### Work request
You are asked to write out the full listing exactly as it stands.

### Given data
::::

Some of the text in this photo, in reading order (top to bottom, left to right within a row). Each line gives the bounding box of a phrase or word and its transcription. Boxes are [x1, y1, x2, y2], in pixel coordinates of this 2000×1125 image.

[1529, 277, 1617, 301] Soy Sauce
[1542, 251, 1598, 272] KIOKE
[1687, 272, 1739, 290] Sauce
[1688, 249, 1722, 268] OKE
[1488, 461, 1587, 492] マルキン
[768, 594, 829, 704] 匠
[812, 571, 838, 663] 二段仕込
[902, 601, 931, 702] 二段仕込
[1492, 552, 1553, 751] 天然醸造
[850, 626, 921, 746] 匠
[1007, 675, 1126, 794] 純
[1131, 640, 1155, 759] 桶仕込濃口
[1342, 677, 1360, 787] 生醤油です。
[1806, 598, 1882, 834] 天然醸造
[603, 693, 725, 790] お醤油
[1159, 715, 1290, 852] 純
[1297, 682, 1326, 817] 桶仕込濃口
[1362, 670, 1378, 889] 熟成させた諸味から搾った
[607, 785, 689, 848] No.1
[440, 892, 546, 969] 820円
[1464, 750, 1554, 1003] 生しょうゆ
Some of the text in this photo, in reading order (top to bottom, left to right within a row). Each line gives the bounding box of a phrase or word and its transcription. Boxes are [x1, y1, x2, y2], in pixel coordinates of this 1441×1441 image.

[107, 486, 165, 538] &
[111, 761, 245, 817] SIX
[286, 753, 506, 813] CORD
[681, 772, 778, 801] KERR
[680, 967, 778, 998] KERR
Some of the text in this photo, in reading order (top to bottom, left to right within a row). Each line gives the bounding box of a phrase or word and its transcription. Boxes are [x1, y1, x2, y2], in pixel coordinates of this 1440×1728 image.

::::

### Written response
Some of the text in this photo, in reading order (top to bottom, left to right within a row). Each line gives the bounding box of a phrase or word and its transcription. Boxes are [x1, y1, x2, y2], in pixel coordinates of this 2000×1125 image.

[1529, 277, 1617, 301] Soy Sauce
[1542, 251, 1598, 272] KIOKE
[1687, 272, 1739, 290] Sauce
[1688, 249, 1722, 268] OKE
[1488, 461, 1587, 492] マルキン
[768, 594, 829, 704] 匠
[812, 571, 838, 663] 二段仕込
[902, 601, 931, 702] 二段仕込
[1492, 552, 1553, 751] 天然醸造
[850, 626, 921, 746] 匠
[1007, 675, 1126, 794] 純
[1131, 640, 1155, 759] 桶仕込濃口
[1342, 677, 1360, 787] 生醤油です。
[1806, 598, 1882, 834] 天然醸造
[603, 693, 725, 790] お醤油
[1159, 715, 1290, 852] 純
[1297, 682, 1326, 817] 桶仕込濃口
[1362, 670, 1378, 889] 熟成させた諸味から搾った
[607, 785, 689, 848] No.1
[440, 892, 546, 969] 820円
[1464, 750, 1554, 1003] 生しょうゆ
Some of the text in this photo, in reading order (top to bottom, left to right within a row). Each line gives the bounding box of a phrase or word and its transcription. Boxes are [x1, y1, x2, y2], in pixel coordinates of this 1441×1441 image.

[107, 486, 165, 538] &
[111, 761, 245, 817] SIX
[286, 753, 506, 813] CORD
[681, 772, 778, 801] KERR
[680, 967, 778, 998] KERR
Some of the text in this photo, in reading order (top to bottom, left to right within a row). Each line gives the bounding box of a phrase or word and its transcription. Boxes are [x1, y1, x2, y2], in pixel coordinates of this 1440×1728 image.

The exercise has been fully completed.